# depressed skull DX ?



## pharmon (Jul 24, 2008)

I am hunting a icd code for depressed skull @ birth.  I'm not finding anything.


----------



## mbort (Jul 24, 2008)

738.1X maybe?? 

not sure if this is consider congential or acquired based on the info you've given though.


----------



## pharmon (Jul 24, 2008)

that will work.  He doesnt state the cause of it, delivery injury or anything about how it got depressed.  Thats why I was lost to congential or deformity.   Thanks


----------



## bnimmons (Jul 24, 2008)

*Cpc*

What about 756.0-a congenital deformity of the skull and/or 754.0-skull depression.
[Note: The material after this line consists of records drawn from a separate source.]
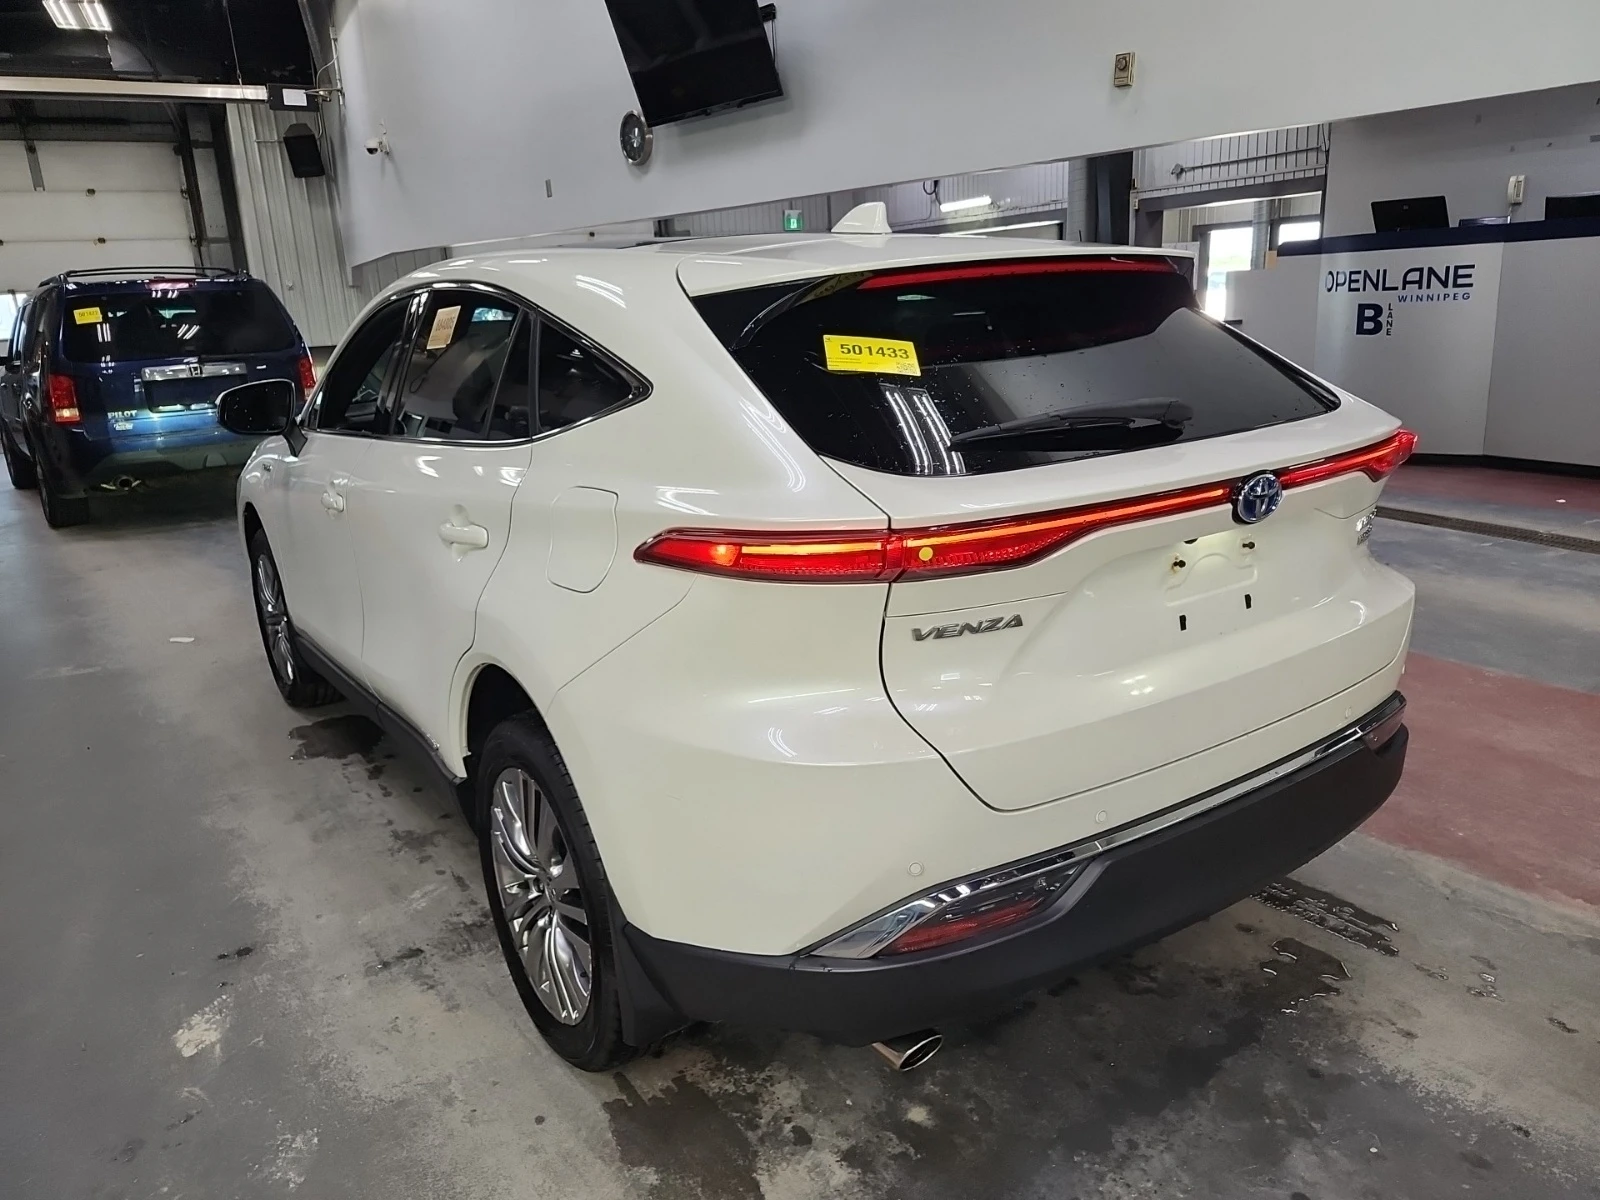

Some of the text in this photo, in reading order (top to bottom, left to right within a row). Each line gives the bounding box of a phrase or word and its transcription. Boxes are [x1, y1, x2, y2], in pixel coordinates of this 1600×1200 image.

[1325, 264, 1475, 293] OPENLANE
[1398, 292, 1471, 303] WINNIPEG
[1356, 303, 1383, 335] B
[840, 343, 910, 360] 501433
[107, 410, 138, 419] PILOT
[911, 614, 1023, 641] VENZA
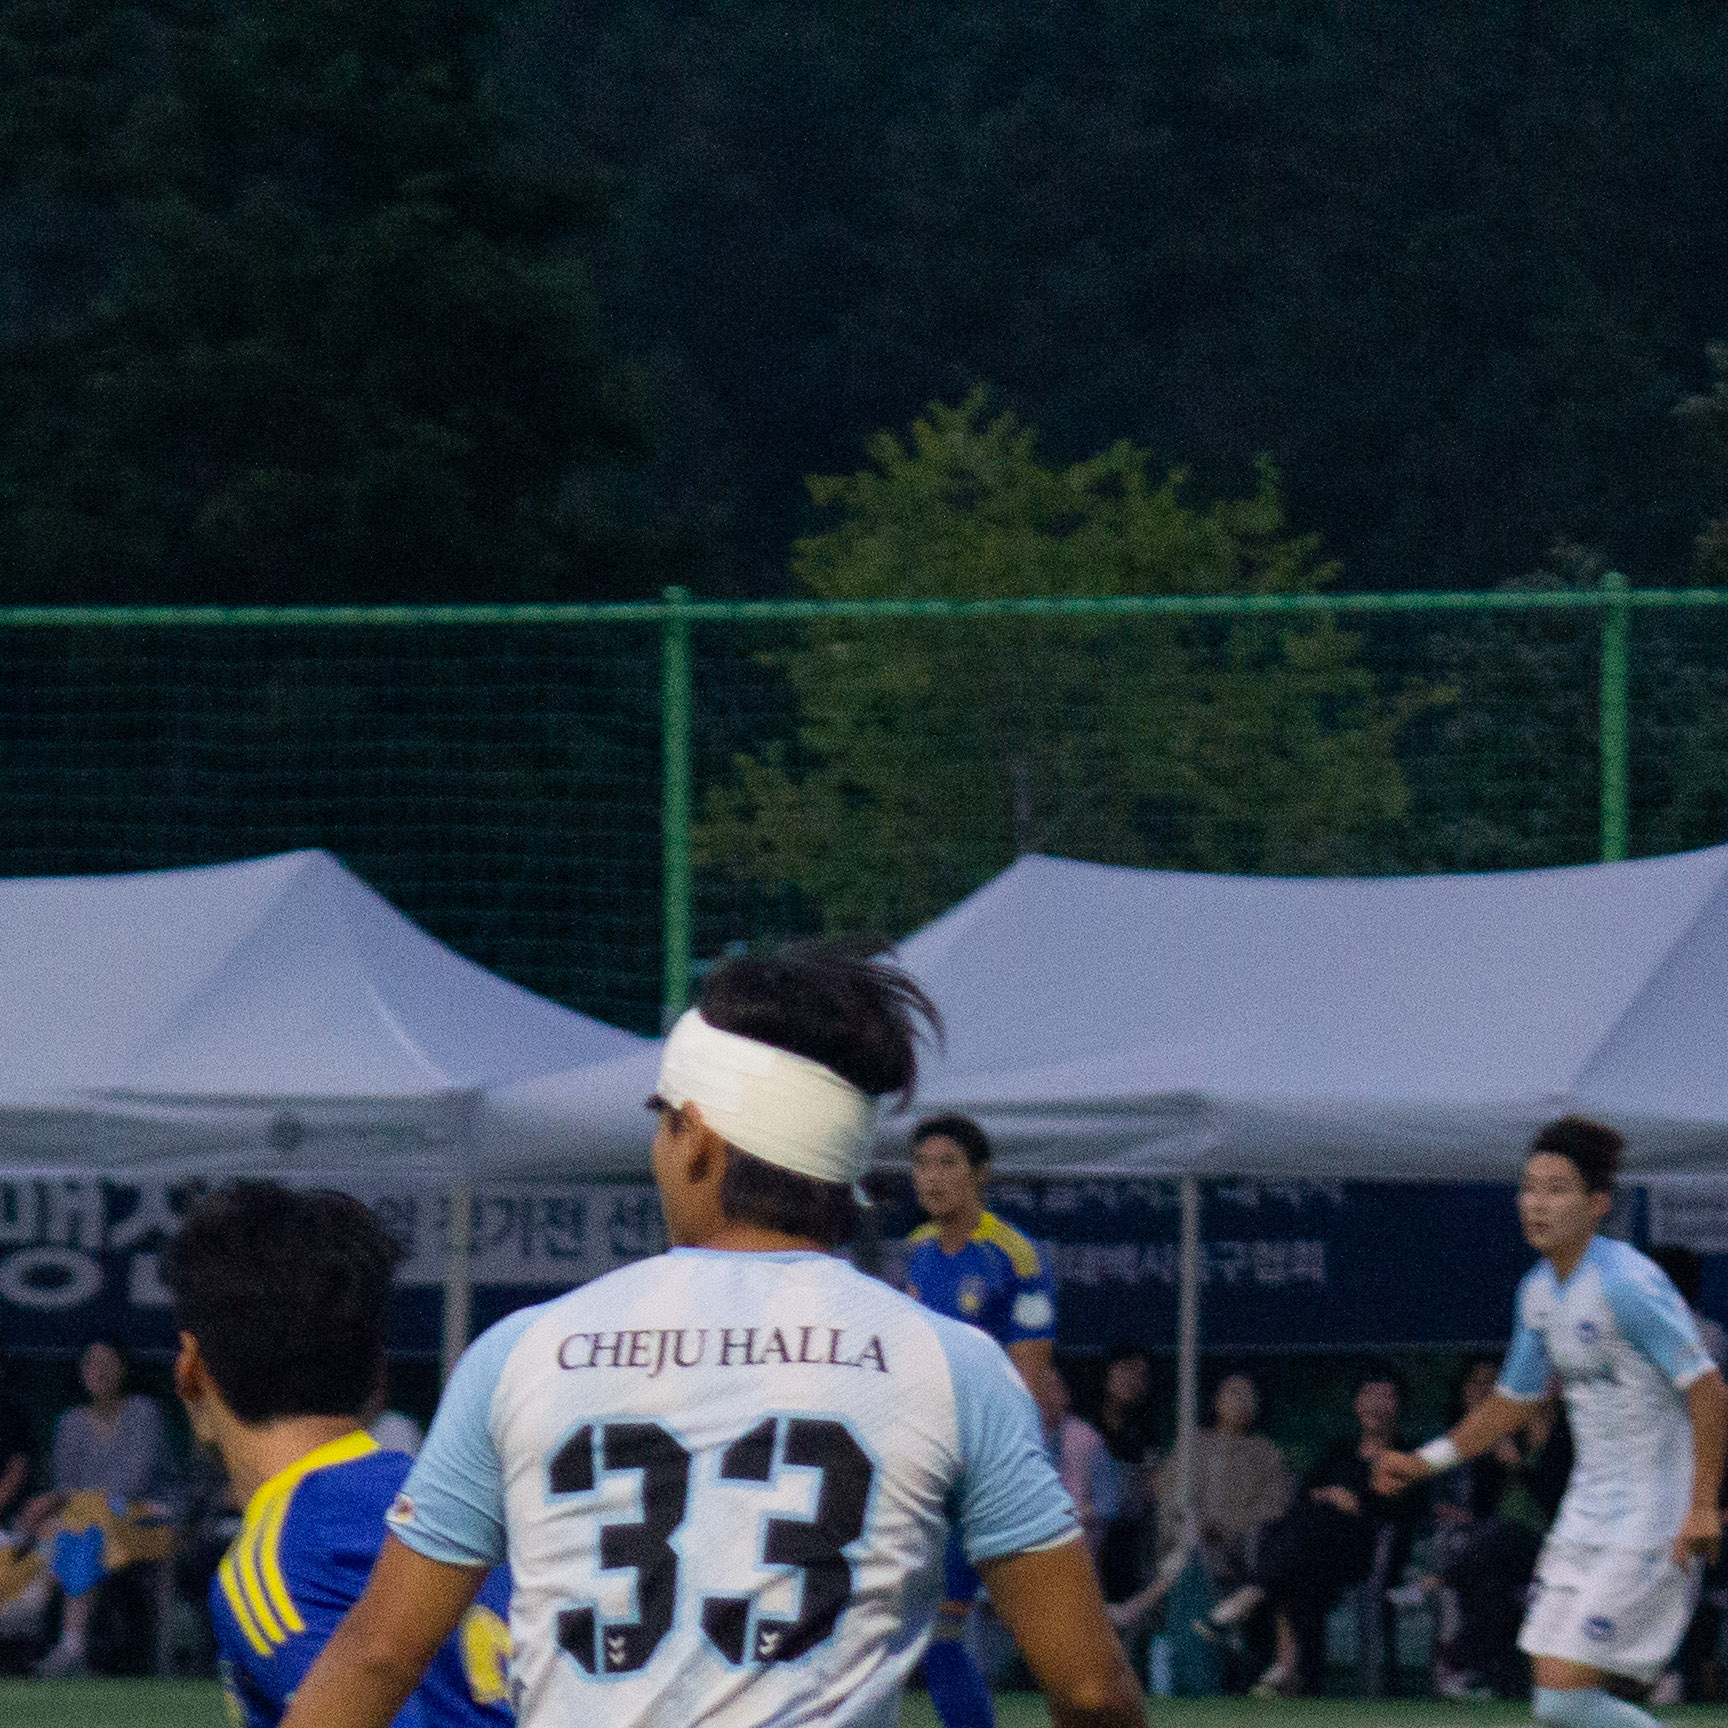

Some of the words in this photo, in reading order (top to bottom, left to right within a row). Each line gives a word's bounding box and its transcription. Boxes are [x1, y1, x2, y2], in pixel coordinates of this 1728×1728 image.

These were found under the heading of the underlined words.


----------



## codergirl3504 (Jul 24, 2008)

*Depressed skull (at birth) dx*

What about 754.0 ?   
Certain congenital musculoskeletal deformities
Depressions in Skull

Hope this helps!


----------



## pratap82 (Jul 24, 2008)

*Depresses skull..*

I think you can code Dx 754.0 - Congential Musculoskeletal Deformities of skull, face and jaw.

U can find out the depressions in skull under this diagnosis.

Pratap.


----------



## pharmon (Jul 24, 2008)

wow all great answers.  thanks to you all for jumping in here and helping me.  it's wonderful to have a support system for this sort of thing.


----------